■ **Activity**
Copy all the lines of the listing below exactly. Skip the images.
*** Data supplied ***
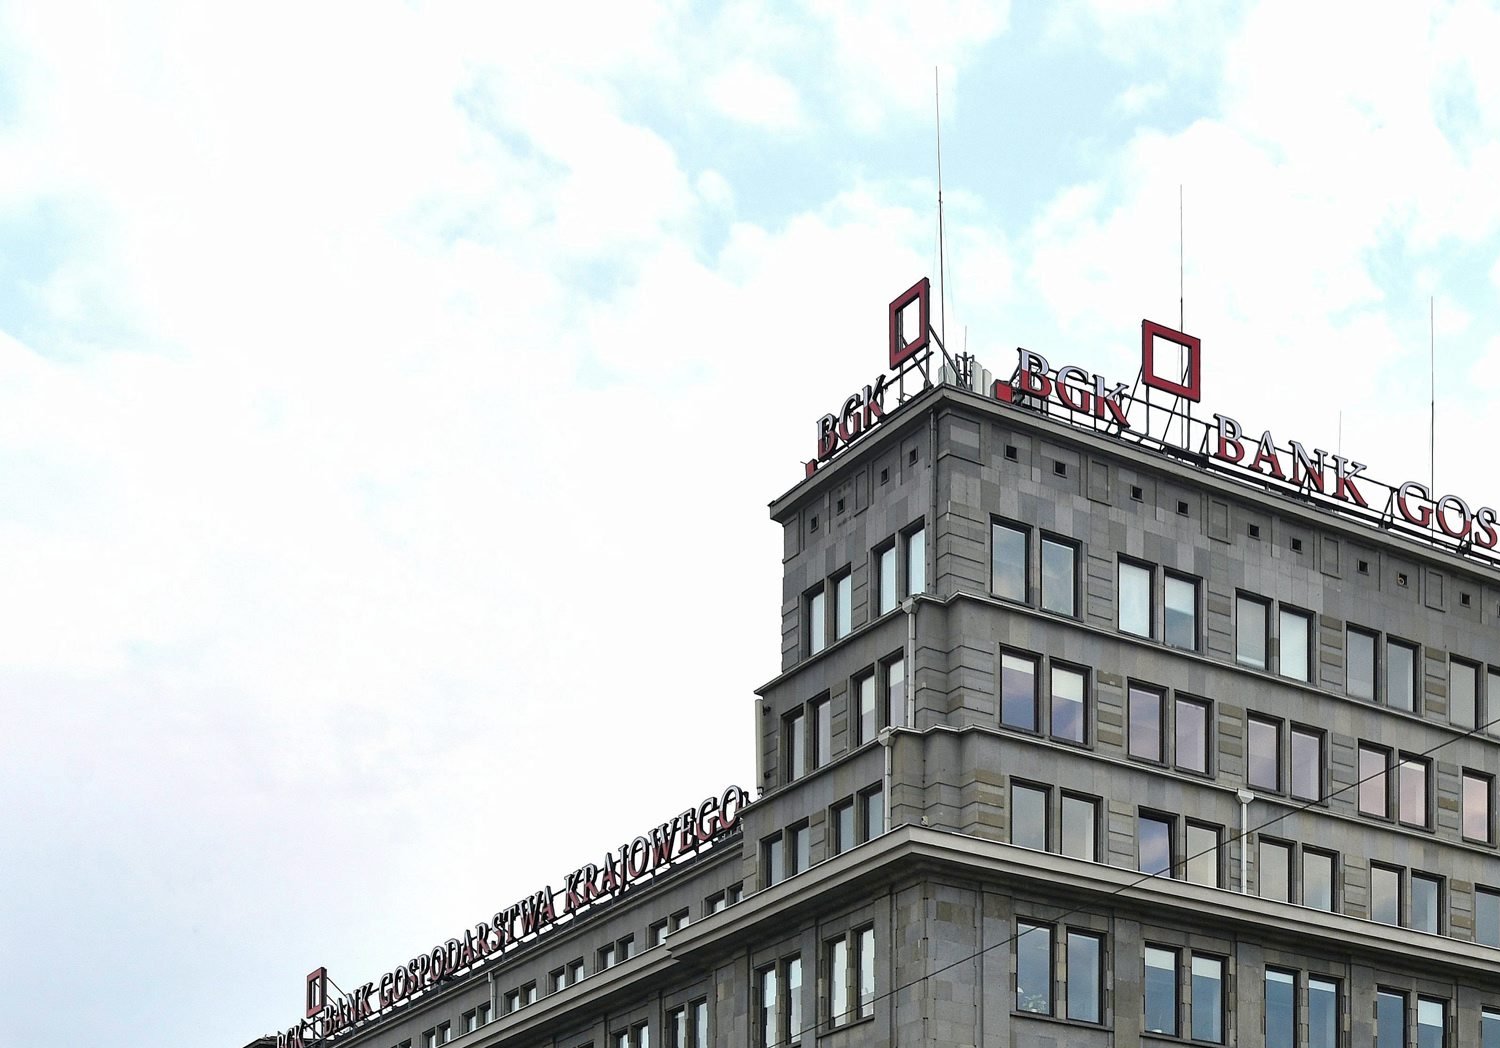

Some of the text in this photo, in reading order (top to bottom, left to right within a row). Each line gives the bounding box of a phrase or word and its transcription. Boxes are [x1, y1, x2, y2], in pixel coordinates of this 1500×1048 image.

[816, 374, 886, 461] BGK
[1017, 347, 1130, 429] BGK
[1213, 413, 1368, 508] BANK
[323, 785, 743, 1037] BANK GOSPODARSTWA KRAJOWEGO
*** End of Data supplied ***
■ **Response below**
Some of the text in this photo, in reading order (top to bottom, left to right within a row). Each line gives the bounding box of a phrase or word and its transcription. Boxes are [x1, y1, x2, y2], in pixel coordinates of this 1500×1048 image.

[816, 374, 886, 461] BGK
[1017, 347, 1130, 429] BGK
[1213, 413, 1368, 508] BANK
[323, 785, 743, 1037] BANK GOSPODARSTWA KRAJOWEGO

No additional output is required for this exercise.